Bangladesh typically consumes between 280,000 and 300,000 tonnes of diesel each month, making it the country's most critical refined fuel for transport, agriculture, and power generation.
Officials warned that any disruption in supply could quickly ripple across the economy, particularly during the ongoing boro irrigation season.
Price dynamics raise questions
However, officials familiar with the procurement said the pricing arrangements differ between the two suppliers.
The diesel sourced from Petrogas International Corporation has been benchmarked against Platts pricing, which reflects prevailing international market rates at the time of shipment.
In contrast, A&A Oil and Gas has offered a fixed price of $75 per barrel, which officials described as highly competitive under current market conditions.
According to Singapore Gasoil 10ppm (Platts), spot diesel prices in mid-March have been fluctuating between $143 and $172 per barrel, compared with around $85 to $90 per barrel before the Iran conflict.
In this context, the $75 per barrel offer appears significantly lower than prevailing market prices. However, the unusually low price has raised some concerns within the ministry.
"We are a bit concerned whether the supplier will be able to deliver as committed, especially considering the source of the fuel," the energy secretary said.
Sources indicated that the diesel supplied by A&A Oil and Gas may originate from Russian crude, potentially refined in a third country in West Asia before shipment – a process that could complicate logistics amid sanctions and wartime disruptions.
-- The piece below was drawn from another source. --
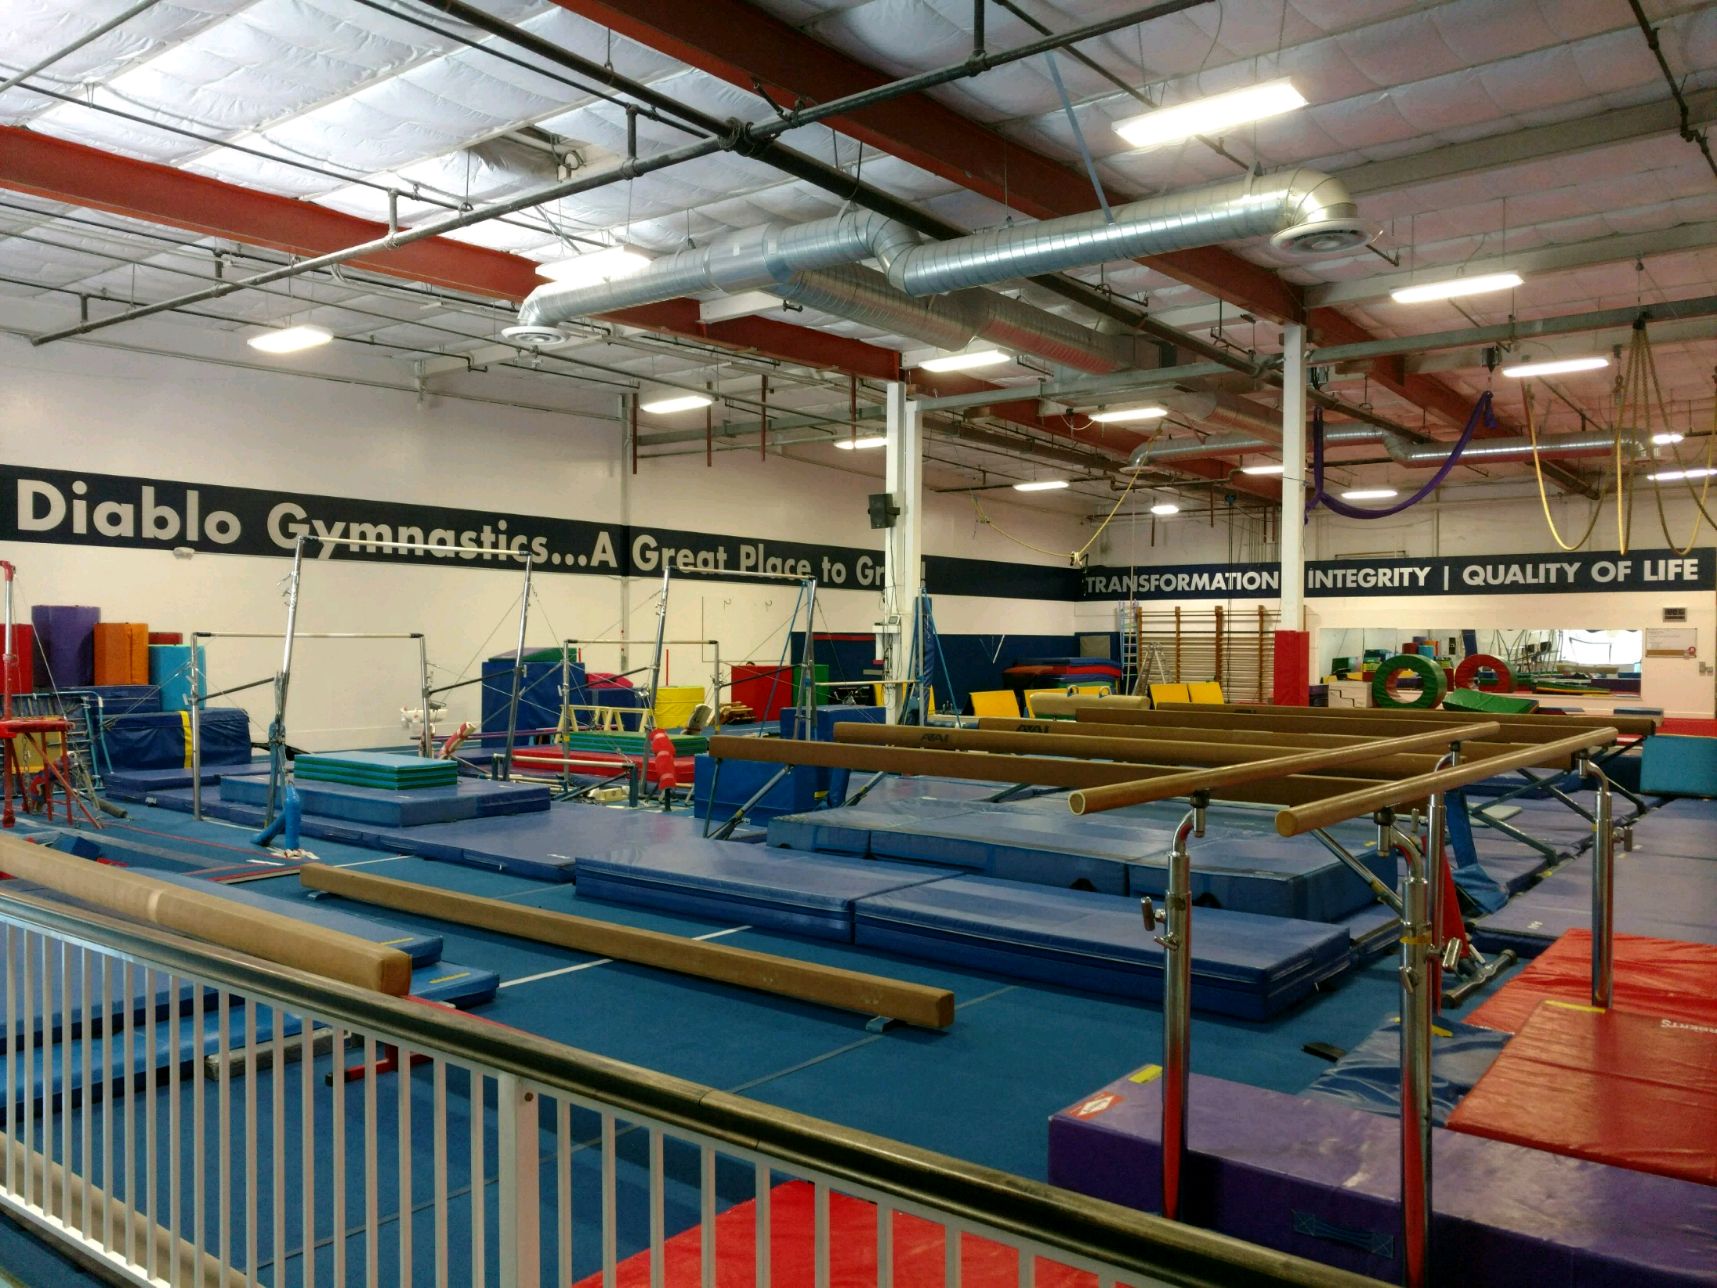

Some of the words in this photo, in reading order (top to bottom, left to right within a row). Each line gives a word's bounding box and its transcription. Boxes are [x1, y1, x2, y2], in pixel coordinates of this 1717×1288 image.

Why direct procurement now?
The government's decision to use DPM – permitted under Rules 91 and 107 of the Public Procurement Rules 2008 – comes as traditional supply routes face unprecedented pressure.
Roughly 20% of global oil and gas shipments pass through the Strait of Hormuz, a narrow maritime corridor now at the centre of heightened geopolitical tensions.
With rising risks of disruption, suppliers have become increasingly reluctant to commit to deliveries under long-term contracts.
"Due to the Iran war, supply from long-term contracts has become uncertain," said Saiful.
"We are now trying to source diesel from outside the Hormuz route."
Bangladesh imports refined fuel from eight countries – Malaysia, the United Arab Emirates, China, Indonesia, Thailand, India, Oman, and Kuwait.
However, many of these suppliers rely on Middle Eastern crude transported through Hormuz, leaving the broader supply chain vulnerable.
As domestic demand rises steadily – particularly after the withdrawal of fuel rationing and ahead of the Eid-ul-Fitr travel season – industry insiders warn that even temporary disruptions in supply routes could trigger short-term shortages and price volatility.
To reduce such risks, the government appears to be prioritising speed over procedural formality, using direct procurement to secure shipments quickly rather than relying solely on long-term contracts, which officials say have become fragile amid the current geopolitical situation.
While the direct procurement method allows rapid decision-making, it also carries risks, particularly regarding pricing transparency and supplier reliability.
Officials insist that ensuring an uninterrupted supply remains the government's primary objective.
"There is no premium added in this purchase. We are buying diesel at a cheaper price than our long-term price," Energy Secretary Saiful said.
However, uncertainties remain over whether suppliers will be able to meet their commitments amid the volatile geopolitical environment.
According to energy division officials, as tensions around Iran continue to disrupt established trade routes and market stability, countries like Bangladesh – heavily dependent on fuel imports – are being forced to adapt rapidly.
For now, securing April's supply appears to be under control; however, with the conflict showing no signs of easing, policymakers may need to prepare for continued volatility in fuel sourcing, pricing, and logistics in the months ahead, they added.